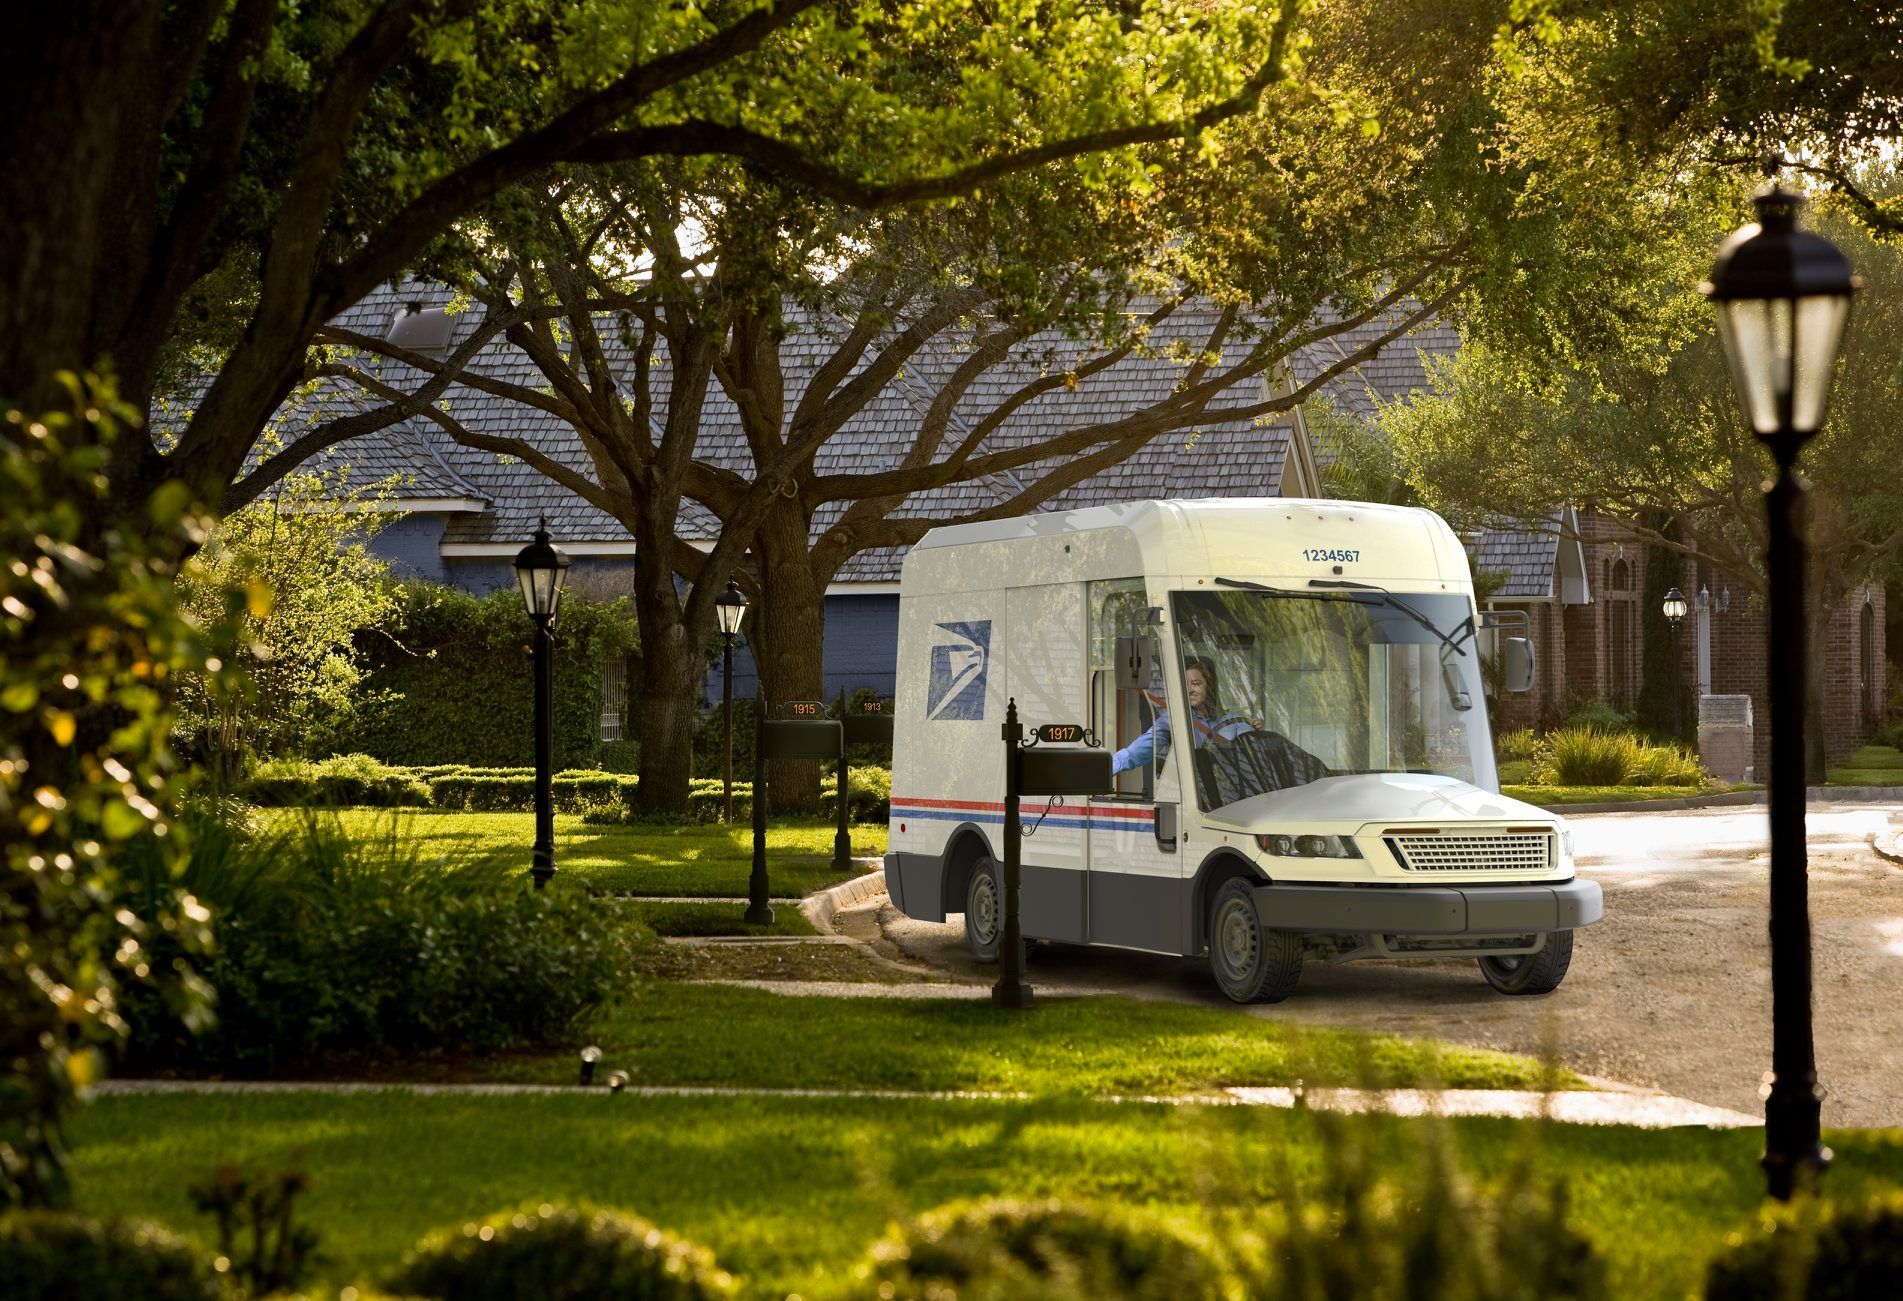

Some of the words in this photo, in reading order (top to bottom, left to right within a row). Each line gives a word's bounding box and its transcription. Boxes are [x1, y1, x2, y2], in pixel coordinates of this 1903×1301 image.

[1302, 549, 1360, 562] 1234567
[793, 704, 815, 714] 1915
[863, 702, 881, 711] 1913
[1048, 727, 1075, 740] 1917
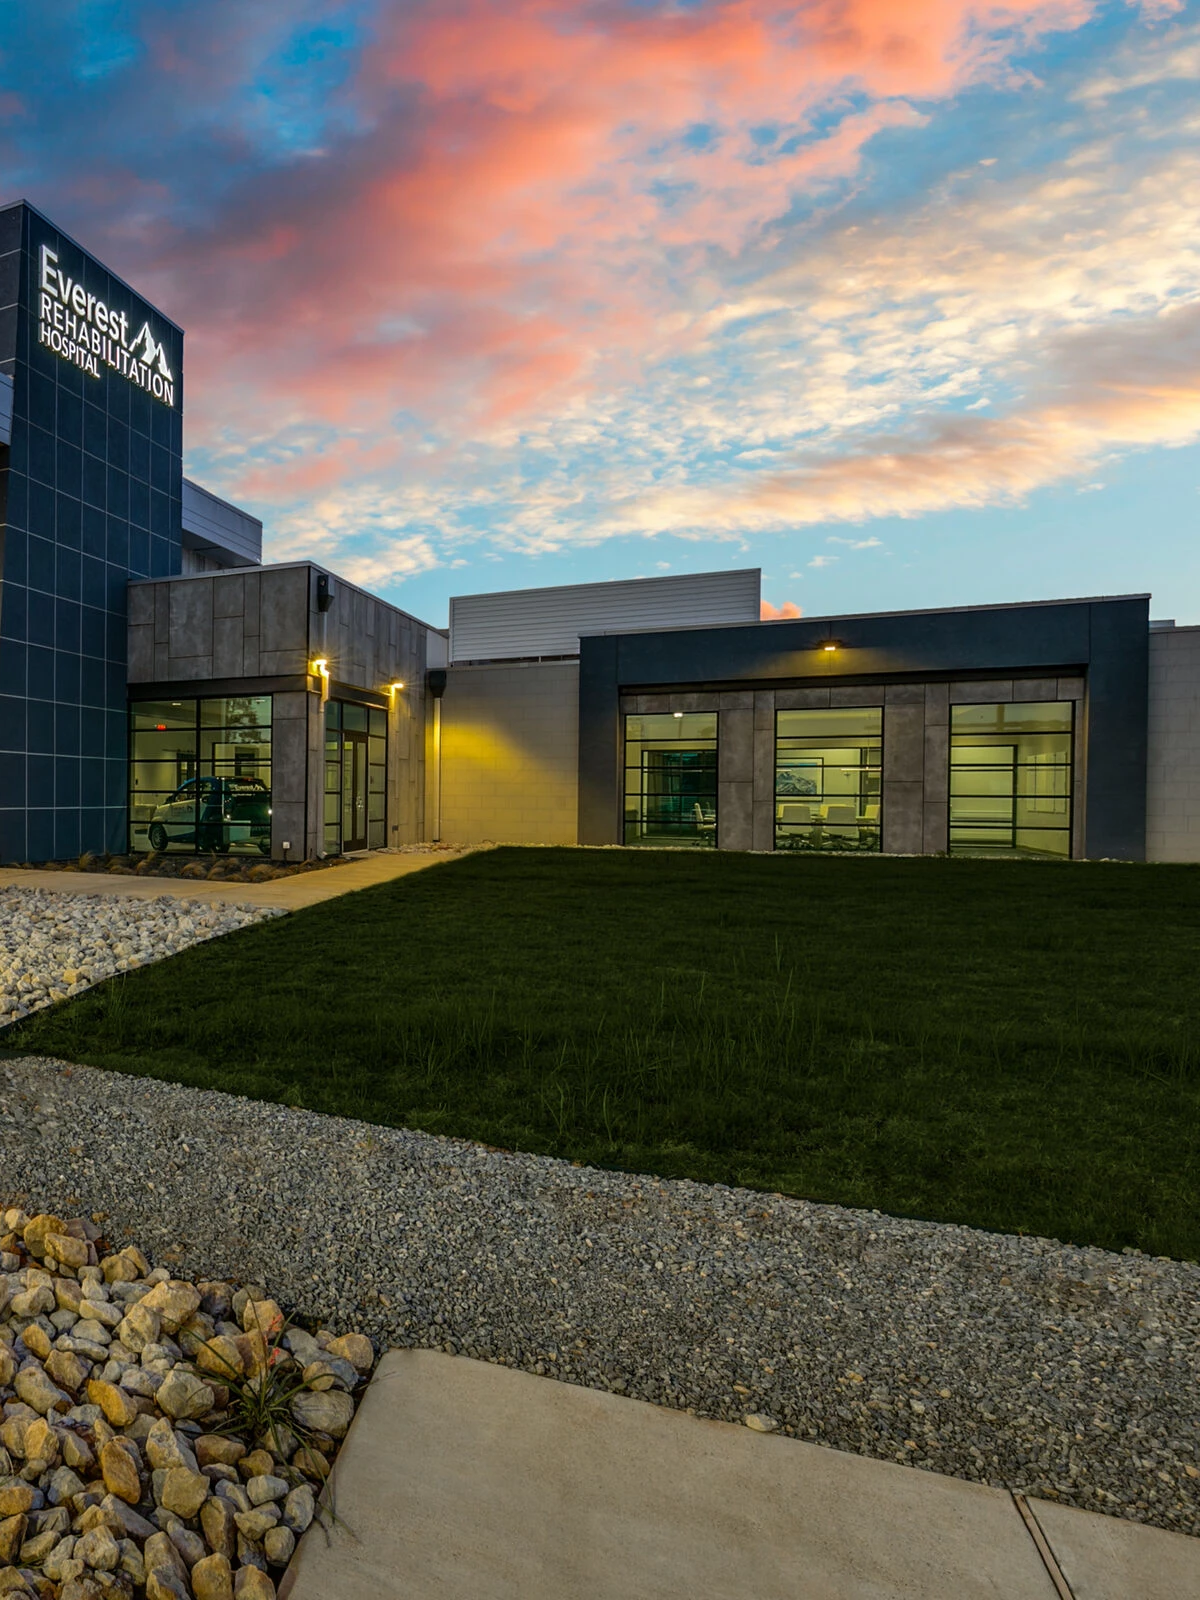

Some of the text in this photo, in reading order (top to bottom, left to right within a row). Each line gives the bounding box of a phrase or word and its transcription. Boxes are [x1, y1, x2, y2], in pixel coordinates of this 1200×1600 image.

[PROBLEM TO SOLVE]
Write out the material above exactly, and omit the pictures it holds.

[COMPLETED EXERCISE]
Some of the words in this photo, in reading order (top to bottom, left to right within a row). Each line gives a word's bounding box and its transcription. Boxes are [x1, y1, x2, y2], in pixel coordinates of this 1903×1301 image.

[1302, 549, 1360, 562] 1234567
[793, 704, 815, 714] 1915
[863, 702, 881, 711] 1913
[1048, 727, 1075, 740] 1917

Some of the text in this photo, in reading order (top to bottom, left to right within a row). Each line gives the bounding box of a phrase or word and its transcription. Boxes are [x1, y1, x2, y2], in pixel coordinates of this 1200×1600 image.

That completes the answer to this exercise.